### [To do]
Quote the entries in full, character for character, without their images.
##########
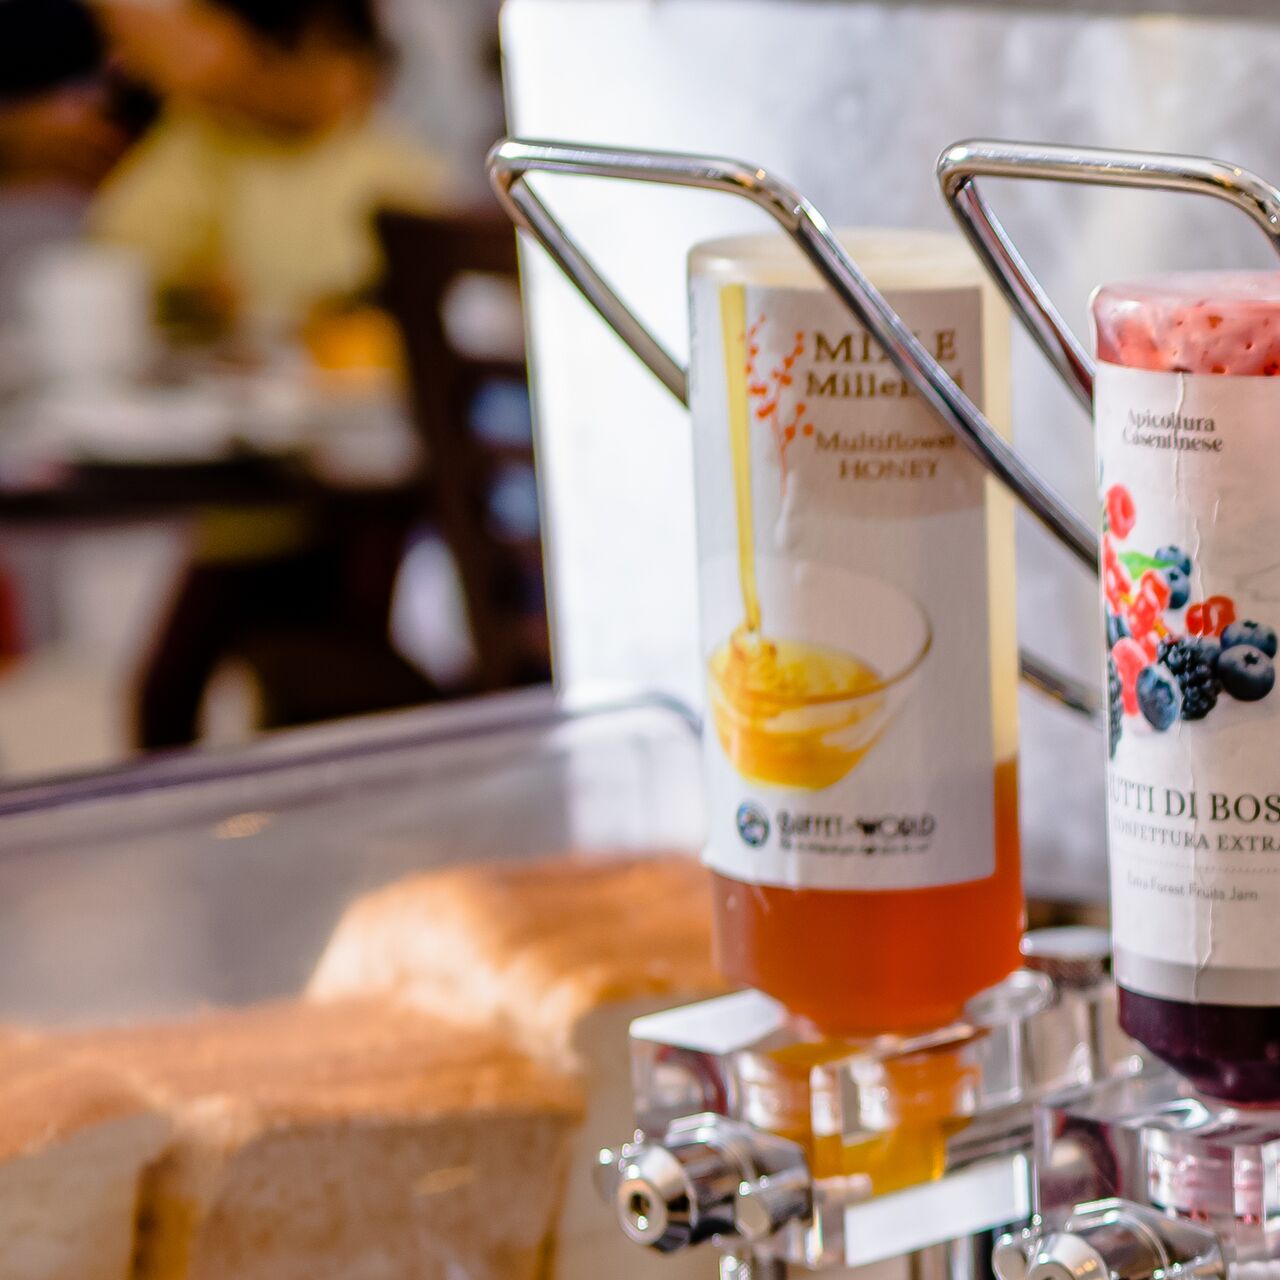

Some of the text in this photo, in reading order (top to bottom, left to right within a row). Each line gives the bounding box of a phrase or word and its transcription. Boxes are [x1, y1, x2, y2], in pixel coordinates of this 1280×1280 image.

[814, 330, 957, 364] MIE
[838, 458, 939, 480] HONEY
[1164, 787, 1199, 821] DI
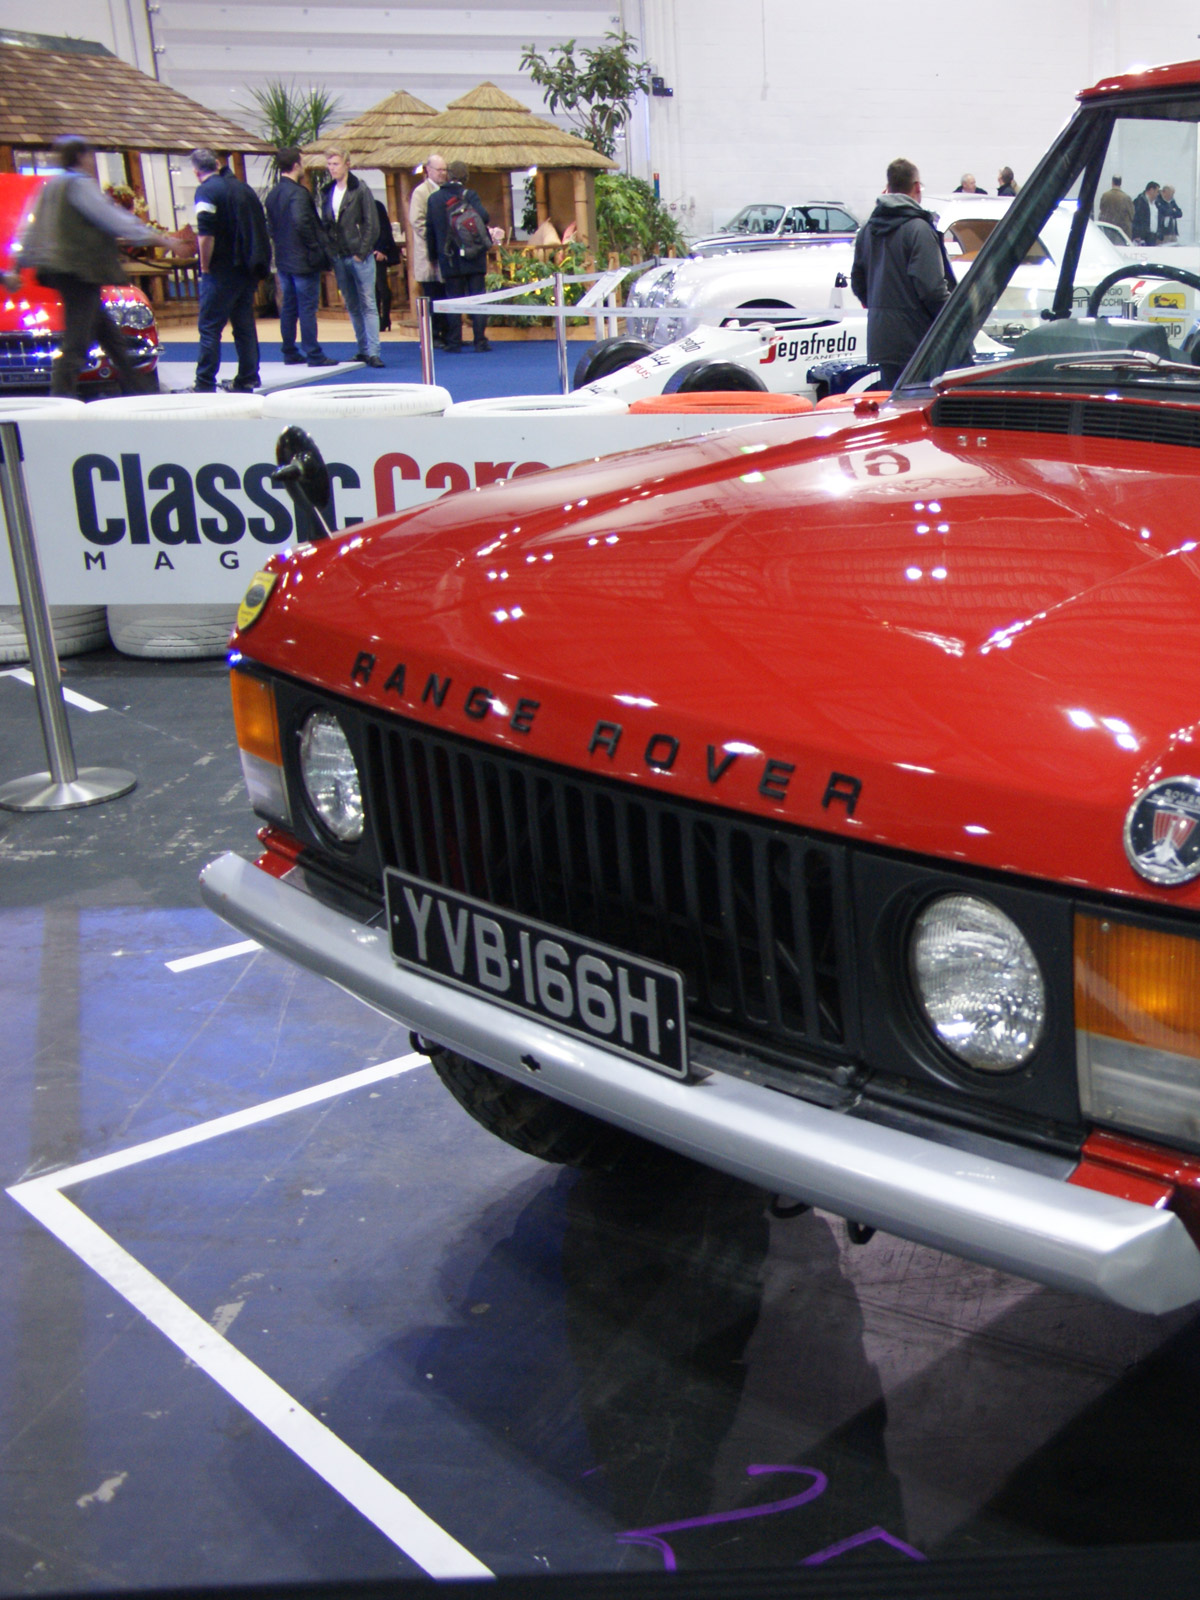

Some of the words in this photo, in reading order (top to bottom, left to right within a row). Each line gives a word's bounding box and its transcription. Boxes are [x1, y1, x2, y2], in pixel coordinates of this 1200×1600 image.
##########
### [Reply to the exercise]
Some of the text in this photo, in reading order (top to bottom, left to right within a row). Each line gives the bounding box of a phrase or word and its transcription. Boxes are [x1, y1, x2, y2], in pixel coordinates of this 1280×1280 image.

[814, 330, 957, 364] MIE
[838, 458, 939, 480] HONEY
[1164, 787, 1199, 821] DI

Some of the words in this photo, in reading order (top to bottom, left to right within a row). Each line gives a word's bounding box and its transcription. Boxes are [x1, y1, x2, y2], in pixel coordinates of this 1200×1600 image.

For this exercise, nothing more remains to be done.